▸ **EXCERPTED DATA**:
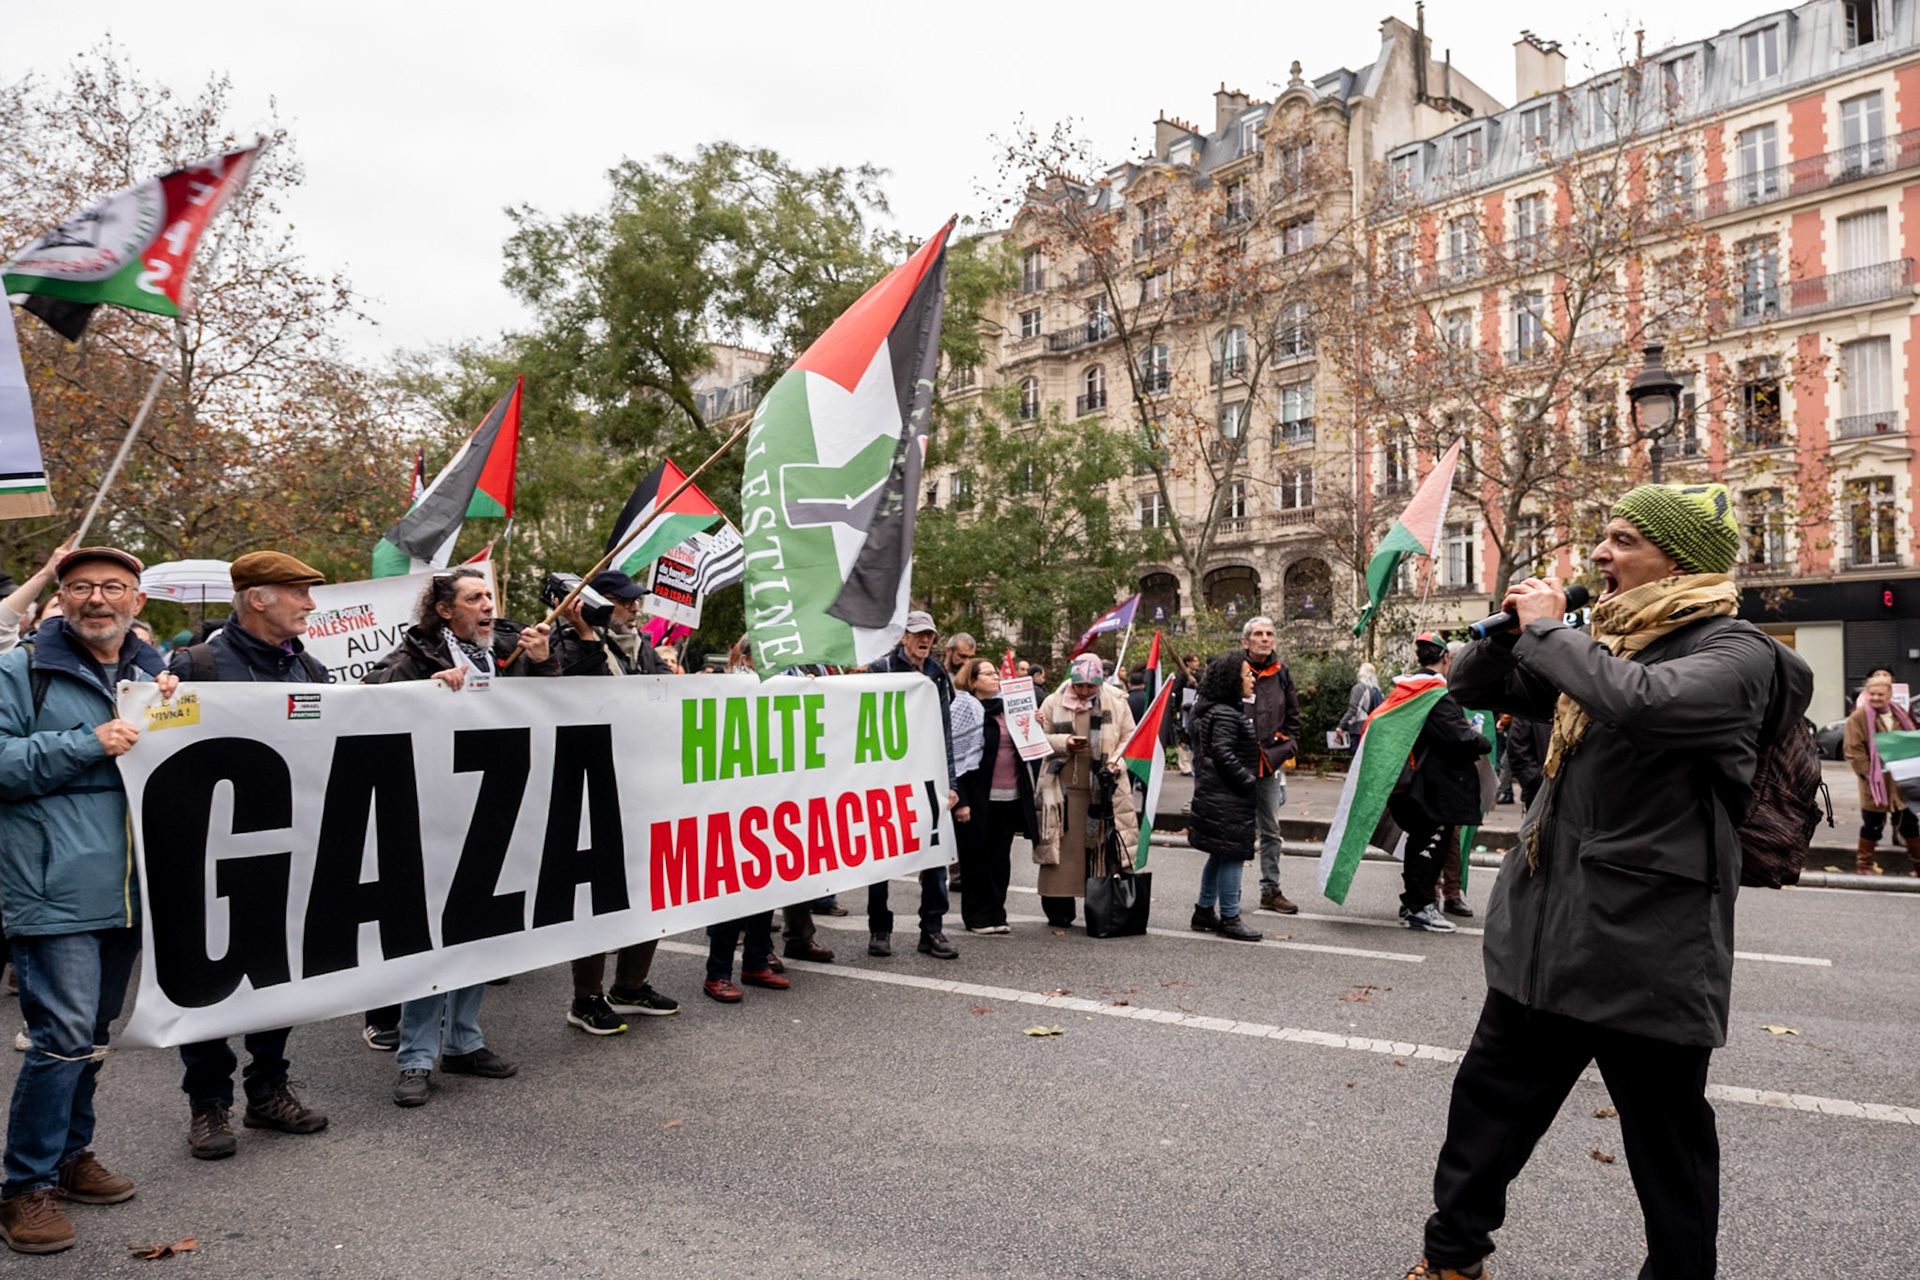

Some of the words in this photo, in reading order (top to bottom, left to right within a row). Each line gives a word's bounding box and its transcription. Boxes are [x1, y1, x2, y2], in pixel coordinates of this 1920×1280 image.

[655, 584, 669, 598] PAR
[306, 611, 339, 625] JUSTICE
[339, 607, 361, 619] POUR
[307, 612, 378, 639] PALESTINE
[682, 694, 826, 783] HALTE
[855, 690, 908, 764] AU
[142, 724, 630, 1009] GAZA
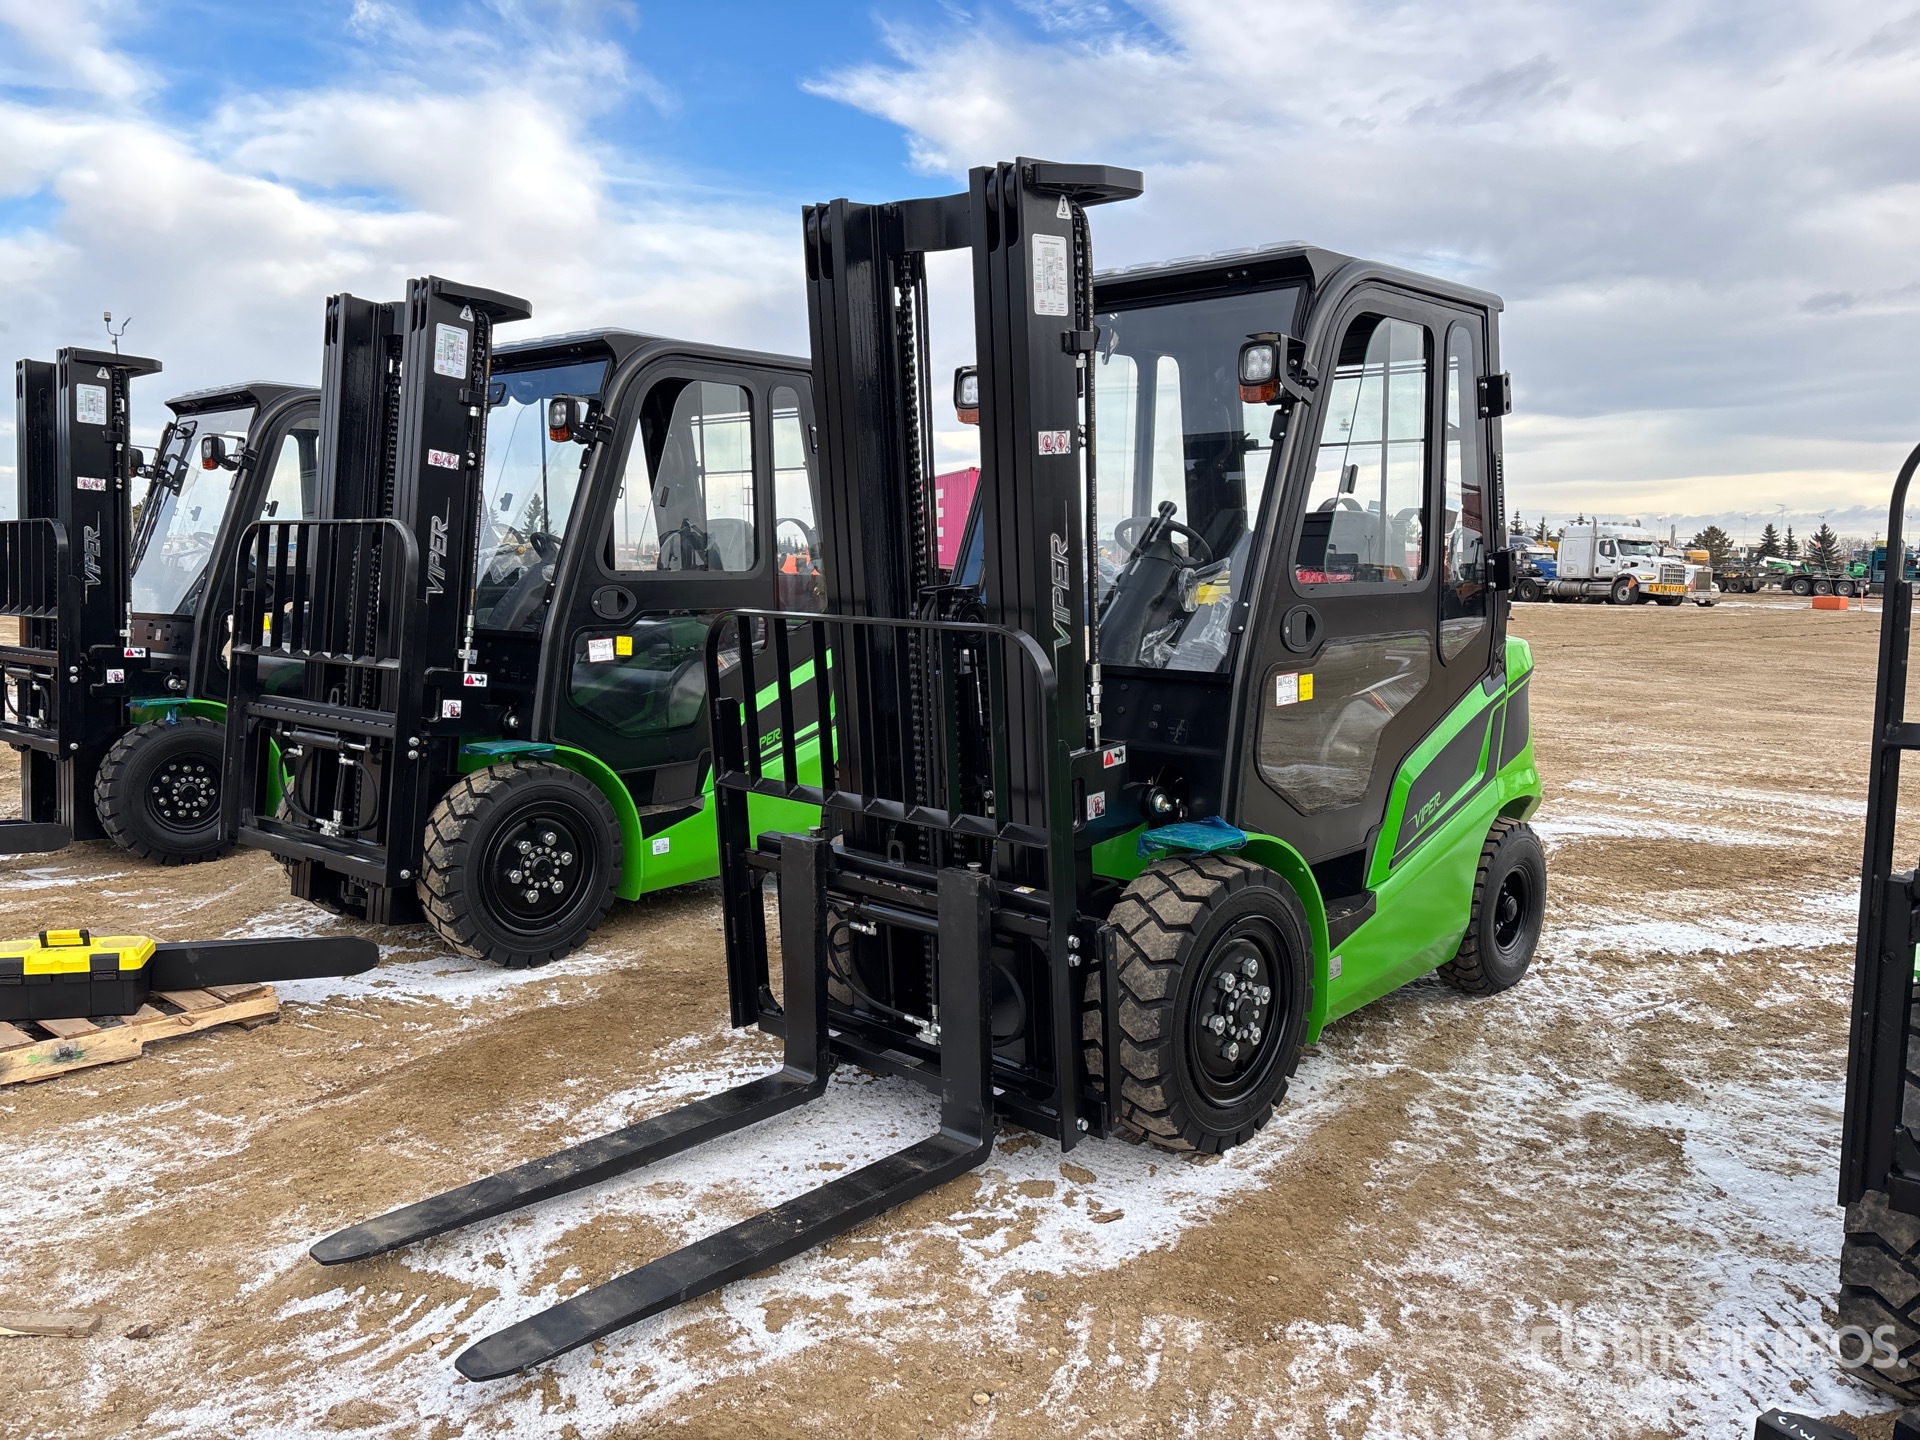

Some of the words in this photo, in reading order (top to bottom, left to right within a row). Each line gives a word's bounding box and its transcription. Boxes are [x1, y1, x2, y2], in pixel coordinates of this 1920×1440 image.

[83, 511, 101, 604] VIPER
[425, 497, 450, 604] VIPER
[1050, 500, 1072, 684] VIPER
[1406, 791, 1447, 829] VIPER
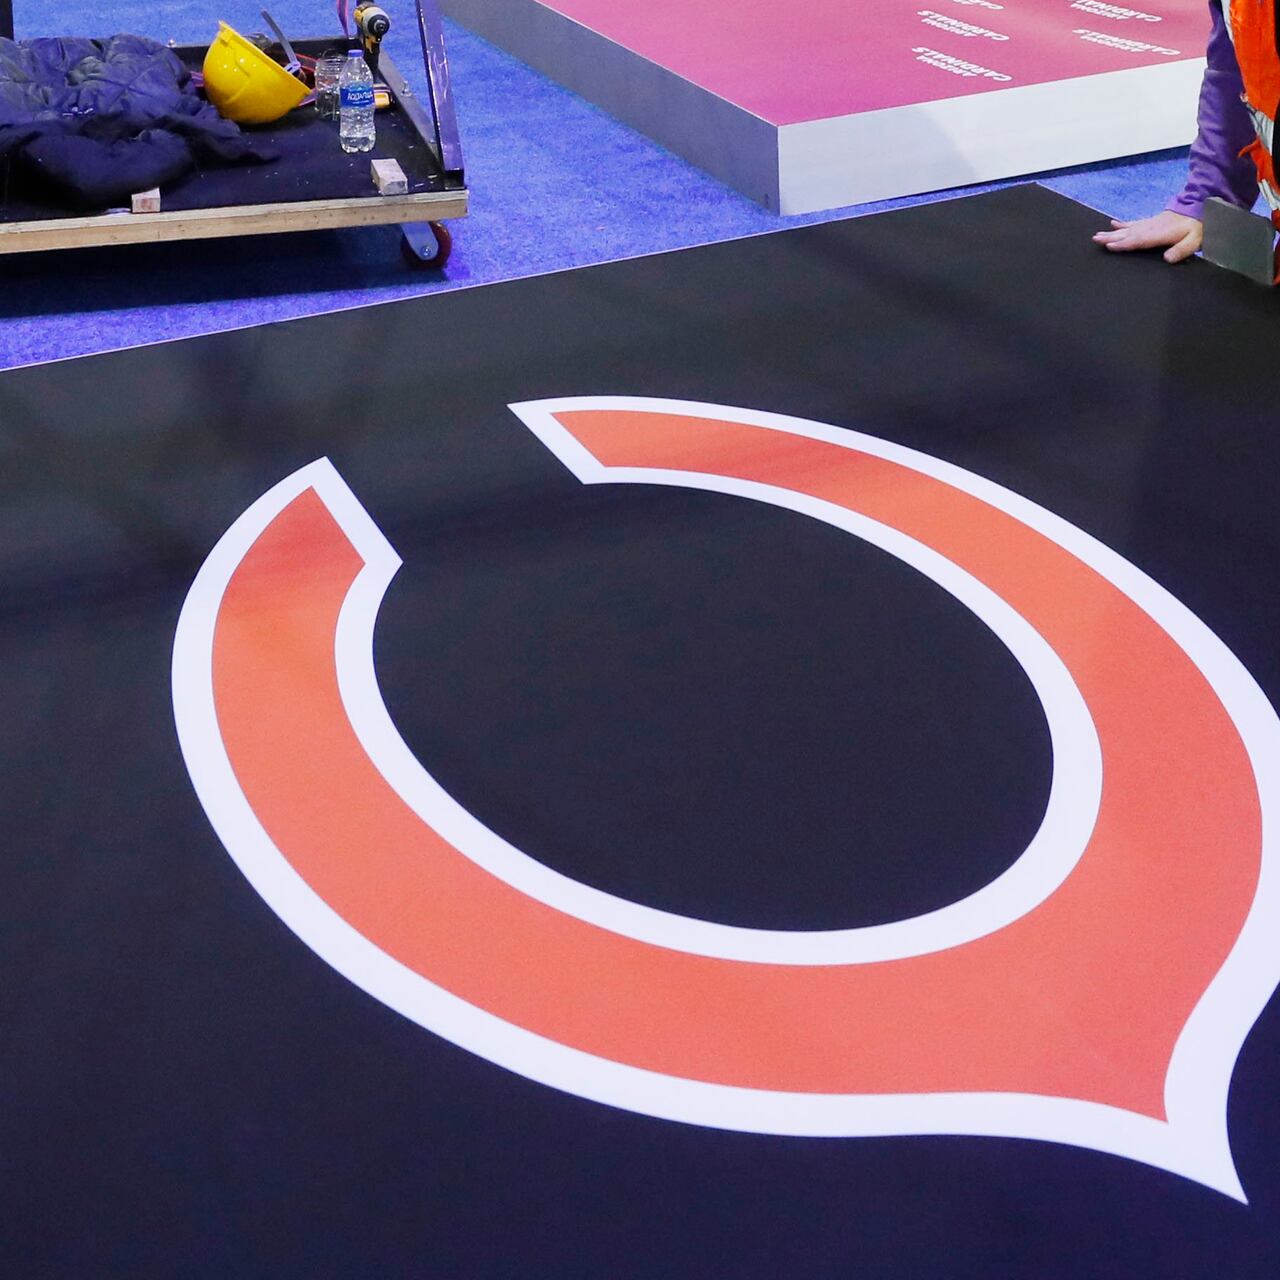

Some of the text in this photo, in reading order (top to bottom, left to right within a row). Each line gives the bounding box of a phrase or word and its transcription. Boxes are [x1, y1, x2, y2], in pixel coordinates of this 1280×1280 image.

▸ **EXERCISE DESCRIPTION**:
Would you return all of the data above word for word, omitting every picture?

▸ **RESULT BELOW**:
Some of the words in this photo, in reading order (top to bottom, left to right within a row). Each line gives a word's bounding box and its transcription. Boxes are [x1, y1, x2, y2], in pixel coordinates of this 1920×1280 image.

[655, 584, 669, 598] PAR
[306, 611, 339, 625] JUSTICE
[339, 607, 361, 619] POUR
[307, 612, 378, 639] PALESTINE
[682, 694, 826, 783] HALTE
[855, 690, 908, 764] AU
[142, 724, 630, 1009] GAZA

Some of the words in this photo, in reading order (top to bottom, left to right within a row). Each line gives a word's bounding box and its transcription. Boxes are [x1, y1, x2, y2], in pixel coordinates of this 1920×1440 image.

[83, 511, 101, 604] VIPER
[425, 497, 450, 604] VIPER
[1050, 500, 1072, 684] VIPER
[1406, 791, 1447, 829] VIPER

Some of the text in this photo, in reading order (top to bottom, left to right within a row). Each line gives the bounding box of a phrase or word and its transcription. Boxes are [x1, y1, x2, y2], in pixel coordinates of this 1280×1280 image.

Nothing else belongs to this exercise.